[A study of epithelioid cell granulomas in transbronchial lung biopsy specimens of sarcoidosis patients--correlation between granulomas and clinical activity or chest X-ray lesions]
- PMID: 1405079
[A study of epithelioid cell granulomas in transbronchial lung biopsy specimens of sarcoidosis patients--correlation between granulomas and clinical activity or chest X-ray lesions]
Abstract
The 565 pulmonary tissue specimens taken from 155 sarcoidosis patients by transbronchial lung biopsy (TBLB) were studied by light microscopy. Particular attention was paid to the mean number and type of epithelioid cell granulomas, the mean number of giant cells, and the degree of lymphocyte cuffing, perigranulomal fibrosis, and granuloma confluence. The granulomas were divided into three types, hypertrophic, atrophic, and hyalinofibrous. In stage II and III patients, the mean number of granulomas and giant cells, the positive rate of hyalinofibrous granuloma, the relative proportion of the hyalinofibrous granuloma group, and the degree of fibrosis and confluence were significantly higher than those in stage O and I patients. The mean number of granulomas was related to the serum level of angiotensin converting enzyme and 67Ga uptake into lung parenchyma, but not to the cellular findings of bronchoalveolar lavage fluid (BALF). The lymphocyte count of BALF in the hypertrophic granuloma group was significantly higher than that in the atrophic and hyalinofibrous granuloma groups. CD4/CD8 ratio of lymphocytes in BALF was significantly lower in the hyalinofibrous granuloma group than in the other groups.
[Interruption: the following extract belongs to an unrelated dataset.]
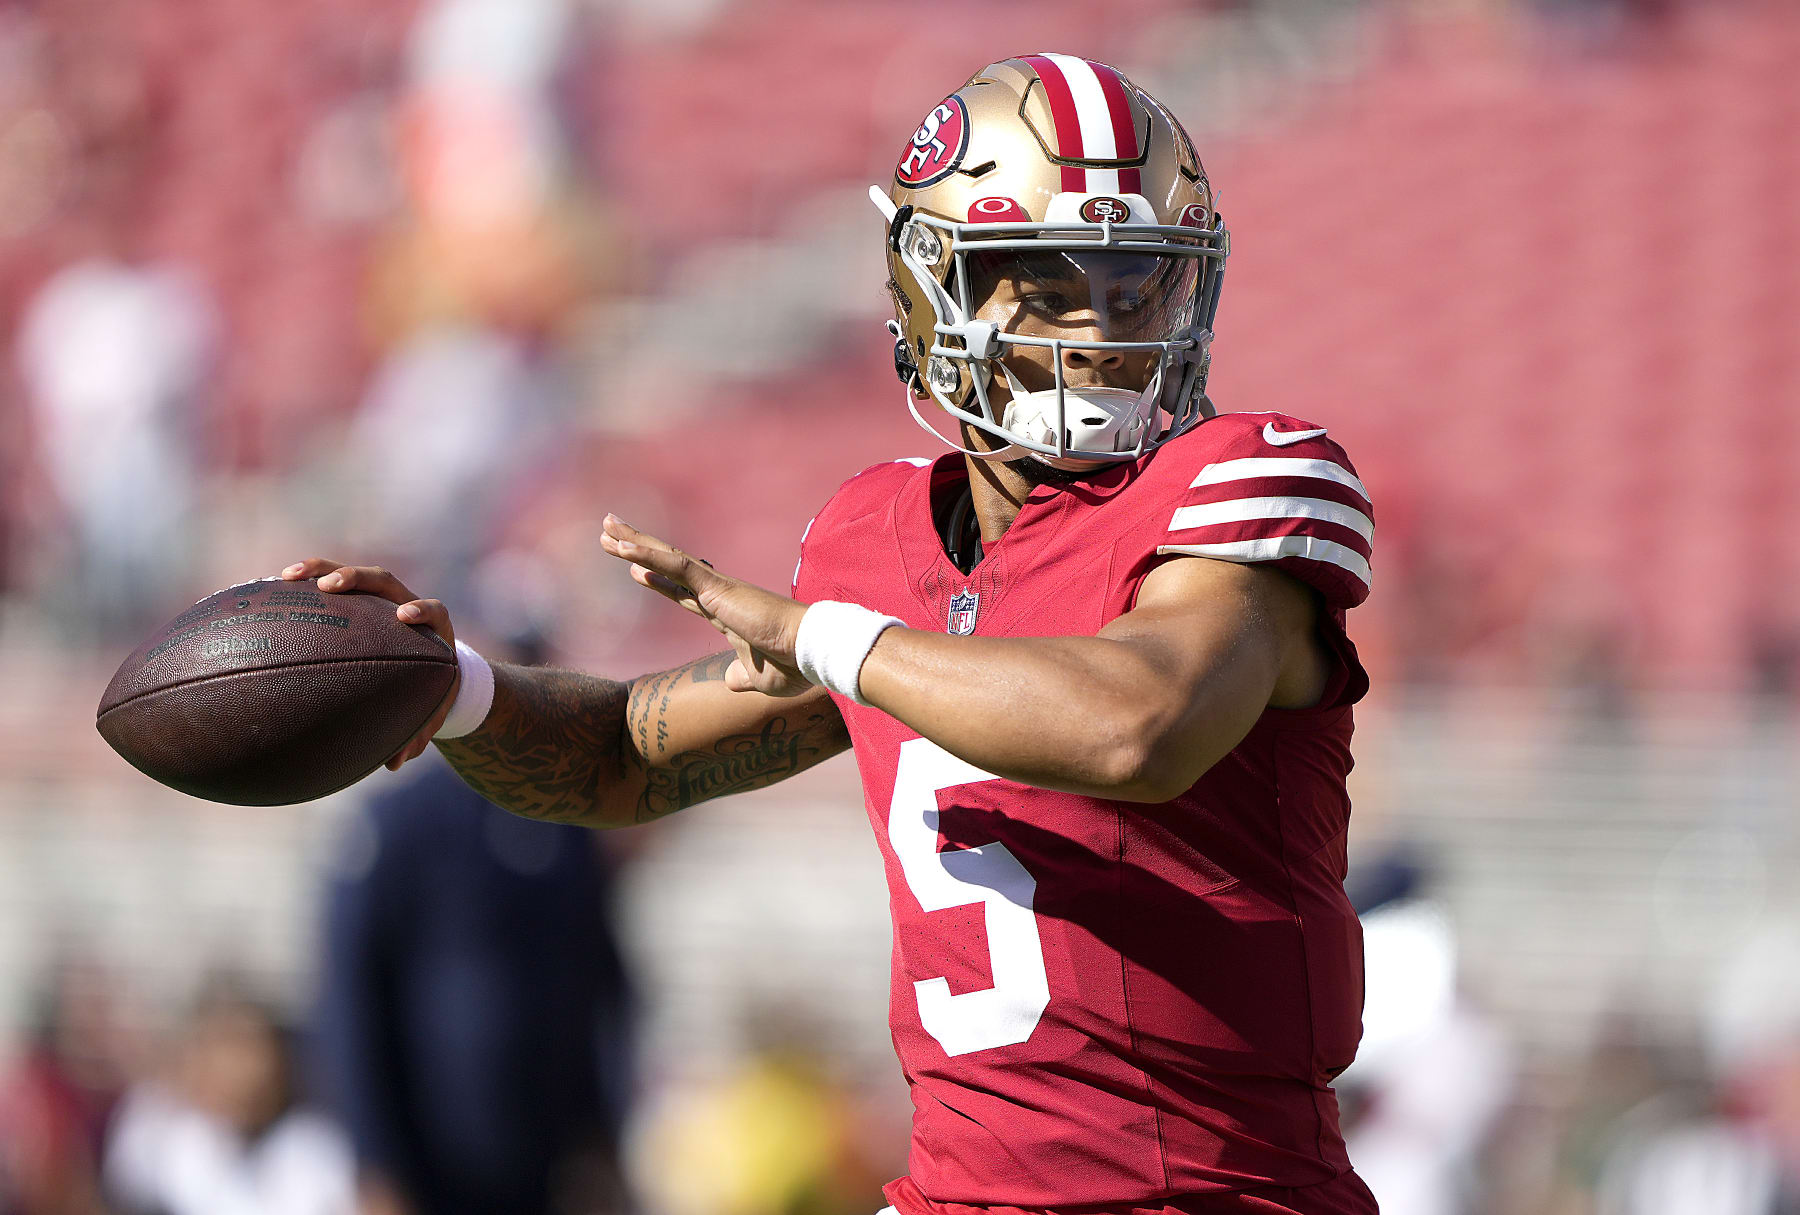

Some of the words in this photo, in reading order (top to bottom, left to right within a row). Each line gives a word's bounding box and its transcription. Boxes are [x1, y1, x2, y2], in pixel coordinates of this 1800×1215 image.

In stage I patients, the resolution of intrathoracic lesions on chest X-ray was significantly more frequent in the atrophic granuloma group than in the hypertrophic granuloma group, 2 and 5 years after TBLB was performed. The pulmonary lesions had a tendency to persist for a long time in stage II and III patients with hyalinofibrous granuloma or granuloma confluence. Newly appearing pulmonary lesions showed hypertrophic granulomas as well as marked lymphocyte cuffing.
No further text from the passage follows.